*** Begin section ***
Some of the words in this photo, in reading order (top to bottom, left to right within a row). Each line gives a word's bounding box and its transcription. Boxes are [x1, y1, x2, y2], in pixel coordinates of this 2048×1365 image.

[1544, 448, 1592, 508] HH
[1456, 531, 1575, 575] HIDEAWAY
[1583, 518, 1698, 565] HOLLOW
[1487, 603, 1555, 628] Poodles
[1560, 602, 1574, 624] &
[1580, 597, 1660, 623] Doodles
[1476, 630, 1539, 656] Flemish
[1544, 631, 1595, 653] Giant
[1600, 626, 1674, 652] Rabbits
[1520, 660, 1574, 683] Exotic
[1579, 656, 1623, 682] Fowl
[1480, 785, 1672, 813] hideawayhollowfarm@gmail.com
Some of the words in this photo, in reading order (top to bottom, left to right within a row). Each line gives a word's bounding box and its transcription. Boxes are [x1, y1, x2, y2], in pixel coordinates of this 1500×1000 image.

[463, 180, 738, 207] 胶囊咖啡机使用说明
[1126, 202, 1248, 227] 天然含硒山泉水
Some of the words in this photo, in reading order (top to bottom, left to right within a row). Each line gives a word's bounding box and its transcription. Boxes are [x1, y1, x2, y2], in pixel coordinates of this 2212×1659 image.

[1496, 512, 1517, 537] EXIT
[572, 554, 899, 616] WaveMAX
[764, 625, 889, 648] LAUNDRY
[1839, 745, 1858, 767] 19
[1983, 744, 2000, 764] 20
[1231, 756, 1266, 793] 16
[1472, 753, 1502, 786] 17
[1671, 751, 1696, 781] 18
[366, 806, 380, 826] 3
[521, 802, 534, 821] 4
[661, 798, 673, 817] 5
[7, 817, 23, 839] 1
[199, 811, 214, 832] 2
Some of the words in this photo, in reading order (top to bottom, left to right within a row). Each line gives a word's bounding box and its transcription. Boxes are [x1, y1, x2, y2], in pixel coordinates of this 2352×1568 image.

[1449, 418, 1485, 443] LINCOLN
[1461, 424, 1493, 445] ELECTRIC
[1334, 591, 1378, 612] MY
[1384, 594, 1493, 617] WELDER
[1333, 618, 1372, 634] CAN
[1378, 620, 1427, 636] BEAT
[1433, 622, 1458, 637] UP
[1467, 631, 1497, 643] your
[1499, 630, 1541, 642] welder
*** End section ***
Starting at the top of the records, copy every line exactly.

**ANSWER SPACE:**
Some of the words in this photo, in reading order (top to bottom, left to right within a row). Each line gives a word's bounding box and its transcription. Boxes are [x1, y1, x2, y2], in pixel coordinates of this 2048×1365 image.

[1544, 448, 1592, 508] HH
[1456, 531, 1575, 575] HIDEAWAY
[1583, 518, 1698, 565] HOLLOW
[1487, 603, 1555, 628] Poodles
[1560, 602, 1574, 624] &
[1580, 597, 1660, 623] Doodles
[1476, 630, 1539, 656] Flemish
[1544, 631, 1595, 653] Giant
[1600, 626, 1674, 652] Rabbits
[1520, 660, 1574, 683] Exotic
[1579, 656, 1623, 682] Fowl
[1480, 785, 1672, 813] hideawayhollowfarm@gmail.com
Some of the words in this photo, in reading order (top to bottom, left to right within a row). Each line gives a word's bounding box and its transcription. Boxes are [x1, y1, x2, y2], in pixel coordinates of this 1500×1000 image.

[463, 180, 738, 207] 胶囊咖啡机使用说明
[1126, 202, 1248, 227] 天然含硒山泉水
Some of the words in this photo, in reading order (top to bottom, left to right within a row). Each line gives a word's bounding box and its transcription. Boxes are [x1, y1, x2, y2], in pixel coordinates of this 2212×1659 image.

[1496, 512, 1517, 537] EXIT
[572, 554, 899, 616] WaveMAX
[764, 625, 889, 648] LAUNDRY
[1839, 745, 1858, 767] 19
[1983, 744, 2000, 764] 20
[1231, 756, 1266, 793] 16
[1472, 753, 1502, 786] 17
[1671, 751, 1696, 781] 18
[366, 806, 380, 826] 3
[521, 802, 534, 821] 4
[661, 798, 673, 817] 5
[7, 817, 23, 839] 1
[199, 811, 214, 832] 2
Some of the words in this photo, in reading order (top to bottom, left to right within a row). Each line gives a word's bounding box and its transcription. Boxes are [x1, y1, x2, y2], in pixel coordinates of this 2352×1568 image.

[1449, 418, 1485, 443] LINCOLN
[1461, 424, 1493, 445] ELECTRIC
[1334, 591, 1378, 612] MY
[1384, 594, 1493, 617] WELDER
[1333, 618, 1372, 634] CAN
[1378, 620, 1427, 636] BEAT
[1433, 622, 1458, 637] UP
[1467, 631, 1497, 643] your
[1499, 630, 1541, 642] welder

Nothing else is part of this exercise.